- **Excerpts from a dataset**
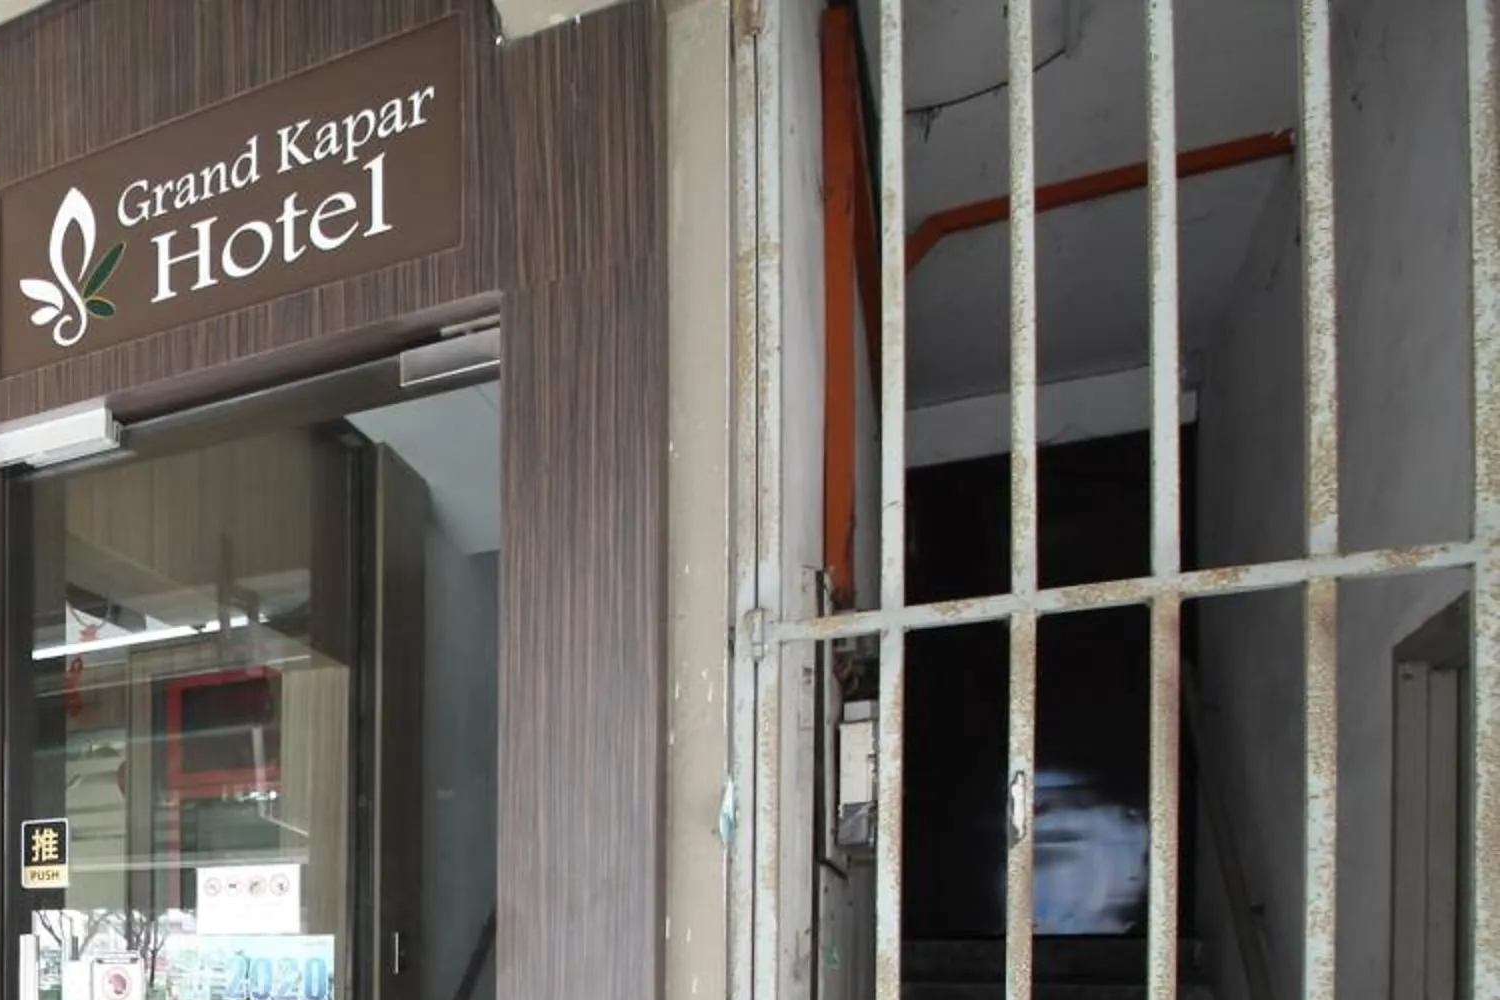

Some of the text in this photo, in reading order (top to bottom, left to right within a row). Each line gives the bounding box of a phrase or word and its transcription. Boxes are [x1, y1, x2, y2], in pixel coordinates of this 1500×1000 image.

[117, 85, 435, 227] Grand Kapar
[150, 151, 393, 303] Hotel
[31, 828, 59, 862] 推
[30, 869, 59, 881] PUSH
[226, 954, 328, 1000] 2020
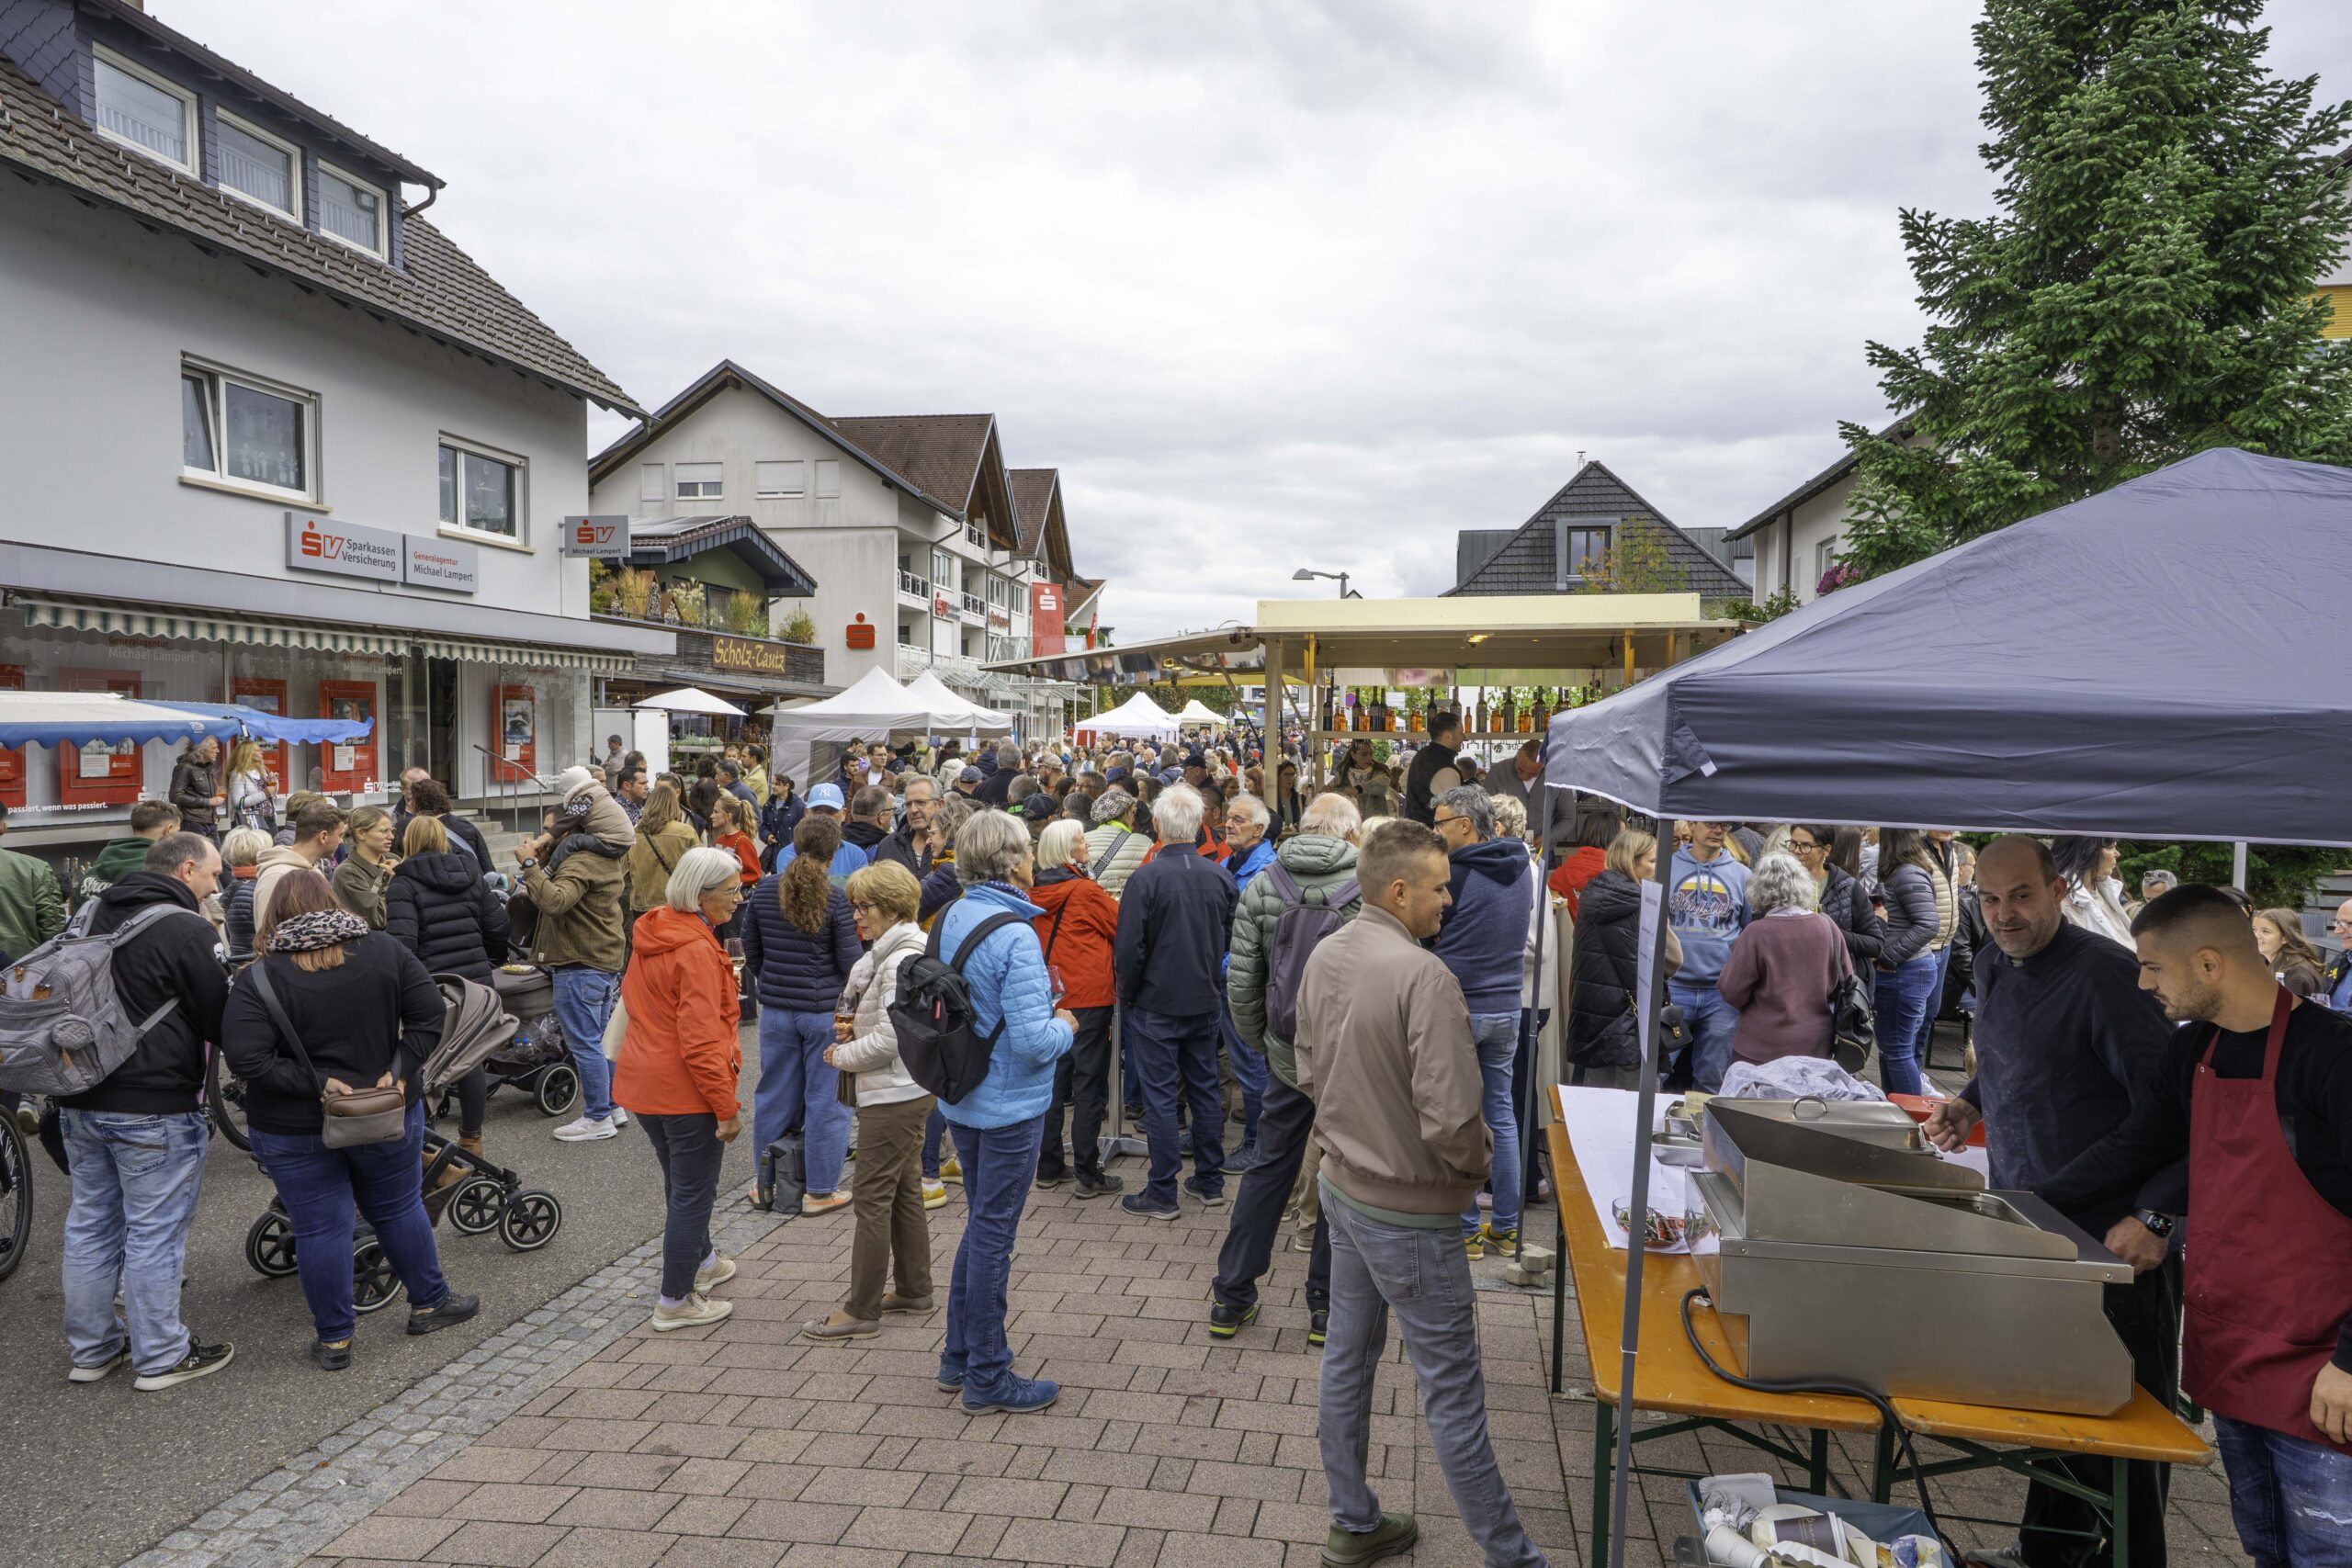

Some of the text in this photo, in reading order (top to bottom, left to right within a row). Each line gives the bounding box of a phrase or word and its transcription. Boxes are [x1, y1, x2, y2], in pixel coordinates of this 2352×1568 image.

[346, 538, 396, 557] Sparkassen
[342, 551, 396, 571] Versicherung
[413, 551, 458, 566] Generalagentur
[413, 563, 474, 582] Michael Lampert
[108, 636, 169, 648] Generalagentur
[108, 648, 195, 664] Michael Lampert
[344, 662, 402, 676] Michael Lampert
[7, 805, 41, 815] passiert,
[42, 804, 62, 812] wenn
[77, 802, 108, 812] passiert.

- **Task instructions**
Reproduce each line, exactly as it appears, from the one that contains "this 2352×1568 image." through the last line of the records. Add no other lines.

- **Exercise answer**
Some of the text in this photo, in reading order (top to bottom, left to right within a row). Each line gives the bounding box of a phrase or word and its transcription. Boxes are [x1, y1, x2, y2], in pixel coordinates of this 2352×1568 image.

[346, 538, 396, 557] Sparkassen
[342, 551, 396, 571] Versicherung
[413, 551, 458, 566] Generalagentur
[413, 563, 474, 582] Michael Lampert
[108, 636, 169, 648] Generalagentur
[108, 648, 195, 664] Michael Lampert
[344, 662, 402, 676] Michael Lampert
[7, 805, 41, 815] passiert,
[42, 804, 62, 812] wenn
[77, 802, 108, 812] passiert.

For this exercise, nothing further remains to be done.